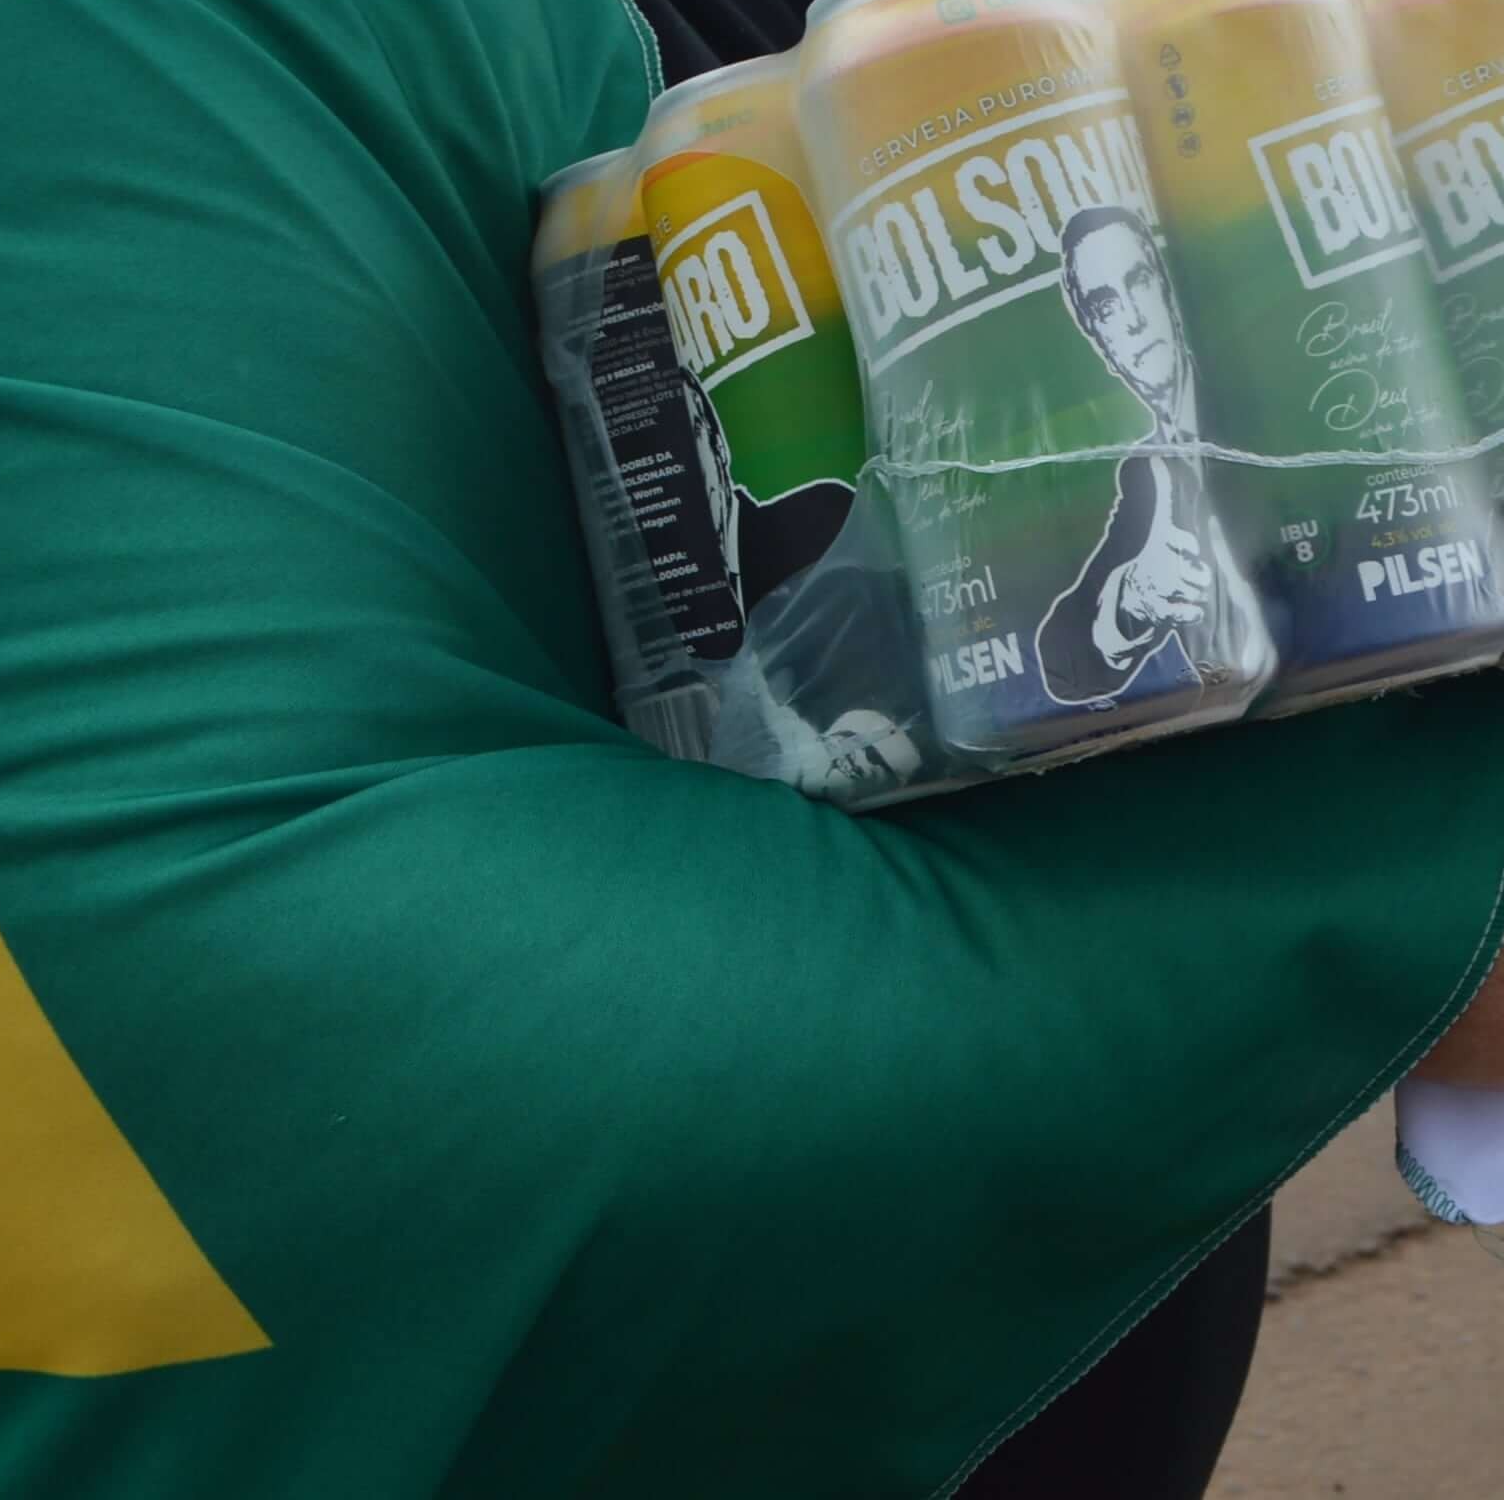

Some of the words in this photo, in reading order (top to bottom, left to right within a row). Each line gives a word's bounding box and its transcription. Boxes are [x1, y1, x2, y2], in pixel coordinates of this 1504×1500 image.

[858, 107, 974, 176] CERVEJA
[978, 76, 1057, 117] PURO
[1285, 116, 1416, 256] BOL
[624, 464, 686, 488] OLSONARO:
[1354, 475, 1459, 525] 473ml
[1279, 519, 1320, 543] IBU
[1295, 540, 1315, 563] 8
[1356, 539, 1485, 603] PILSEN
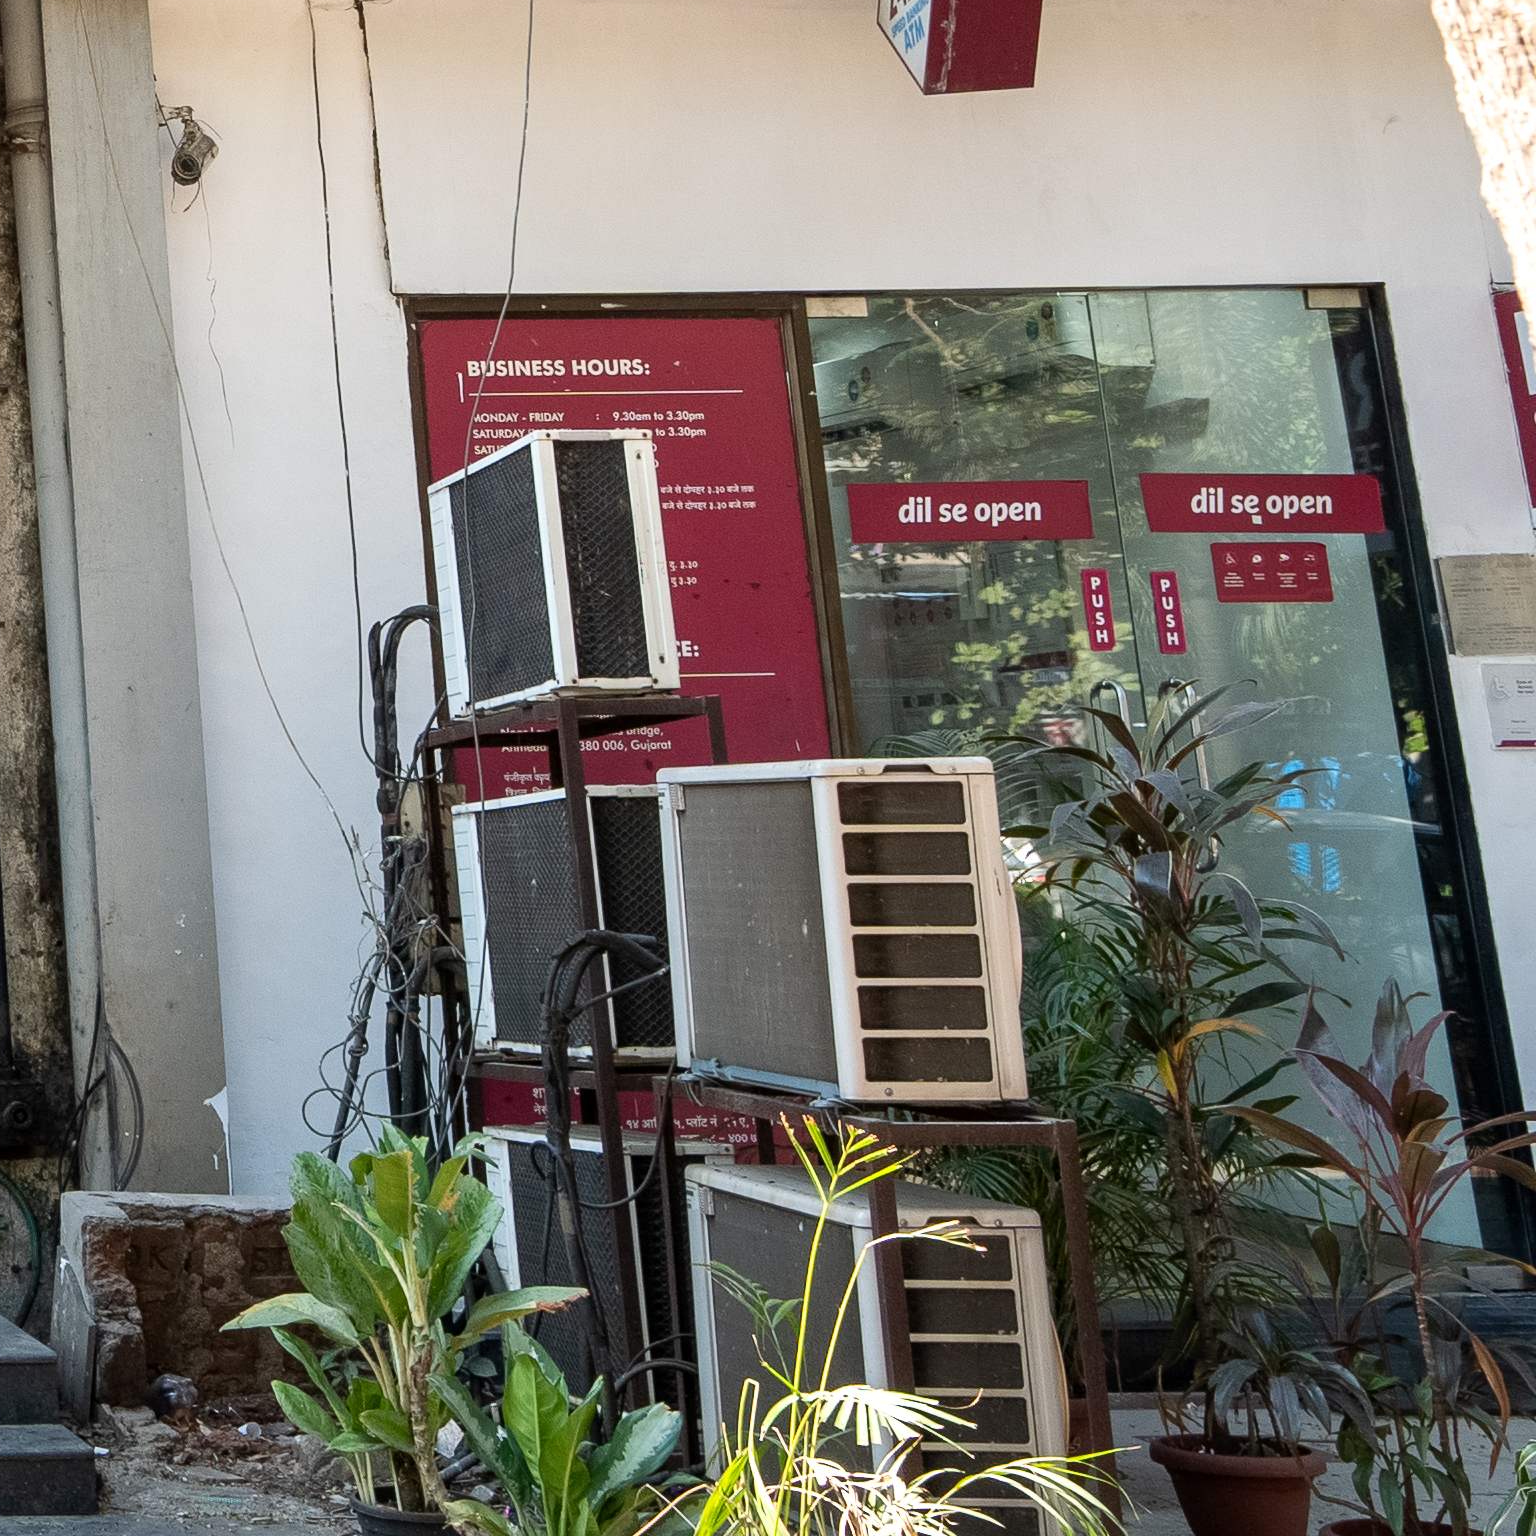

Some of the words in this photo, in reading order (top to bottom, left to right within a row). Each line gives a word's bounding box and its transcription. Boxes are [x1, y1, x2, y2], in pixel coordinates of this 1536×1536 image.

[904, 16, 925, 54] ATM
[467, 360, 565, 377] BUSINESS
[572, 359, 650, 376] HOURS:
[529, 412, 564, 422] FRIDAY
[613, 412, 651, 421] 9.30am
[654, 412, 664, 421] to
[666, 411, 705, 423] 3.30pm
[656, 428, 666, 437] to
[668, 428, 706, 439] 3.30pm
[898, 498, 932, 524] dil
[939, 504, 968, 523] se
[974, 498, 1041, 527] open
[1191, 488, 1225, 515] dil
[1231, 494, 1260, 514] se
[1266, 490, 1332, 521] open
[1089, 576, 1109, 643] PUSH
[1160, 579, 1180, 646] PUSH
[579, 740, 599, 751] 380
[603, 740, 628, 751] 006,
[631, 739, 672, 752] Gujarat
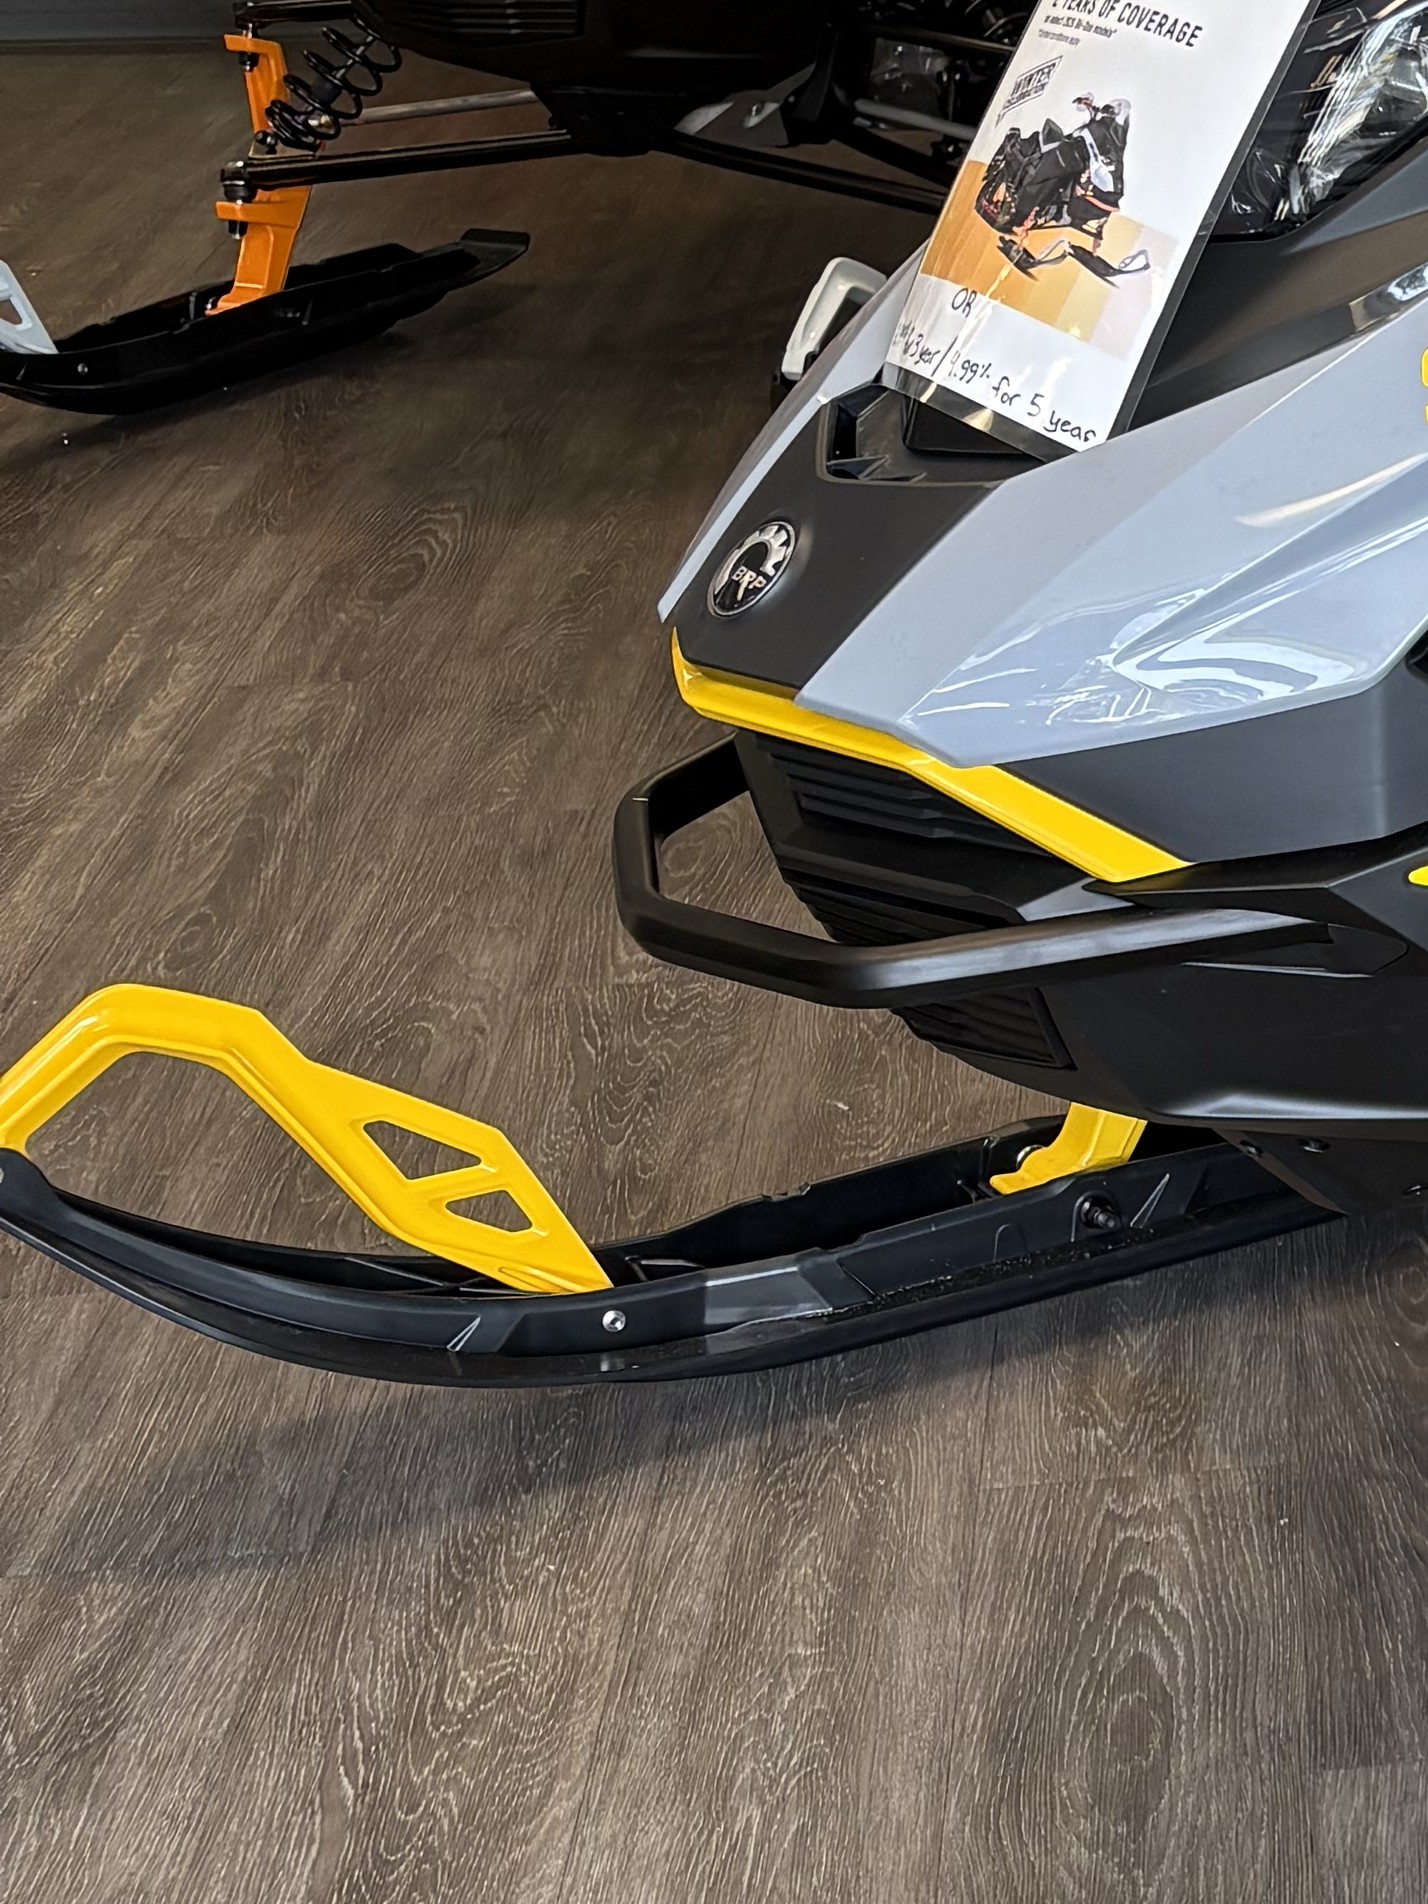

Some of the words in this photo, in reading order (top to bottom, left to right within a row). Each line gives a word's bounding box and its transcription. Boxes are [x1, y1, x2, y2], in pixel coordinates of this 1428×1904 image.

[1117, 1, 1204, 48] COVERAGE
[951, 287, 978, 318] OR
[991, 375, 1022, 407] for
[1026, 392, 1046, 418] 5
[731, 565, 767, 598] BRP
──────────────────────────────
▶ Problem statement
Starting with the line that contains "this 1536×1536 image.", copy every line word for word through the end of the listing above, but leave out the pictures.

▶ Solution to this exercise
Some of the words in this photo, in reading order (top to bottom, left to right within a row). Each line gives a word's bounding box and its transcription. Boxes are [x1, y1, x2, y2], in pixel coordinates of this 1536×1536 image.

[904, 16, 925, 54] ATM
[467, 360, 565, 377] BUSINESS
[572, 359, 650, 376] HOURS:
[529, 412, 564, 422] FRIDAY
[613, 412, 651, 421] 9.30am
[654, 412, 664, 421] to
[666, 411, 705, 423] 3.30pm
[656, 428, 666, 437] to
[668, 428, 706, 439] 3.30pm
[898, 498, 932, 524] dil
[939, 504, 968, 523] se
[974, 498, 1041, 527] open
[1191, 488, 1225, 515] dil
[1231, 494, 1260, 514] se
[1266, 490, 1332, 521] open
[1089, 576, 1109, 643] PUSH
[1160, 579, 1180, 646] PUSH
[579, 740, 599, 751] 380
[603, 740, 628, 751] 006,
[631, 739, 672, 752] Gujarat

Some of the words in this photo, in reading order (top to bottom, left to right within a row). Each line gives a word's bounding box and its transcription. Boxes are [x1, y1, x2, y2], in pixel coordinates of this 1428×1904 image.

[1117, 1, 1204, 48] COVERAGE
[951, 287, 978, 318] OR
[991, 375, 1022, 407] for
[1026, 392, 1046, 418] 5
[731, 565, 767, 598] BRP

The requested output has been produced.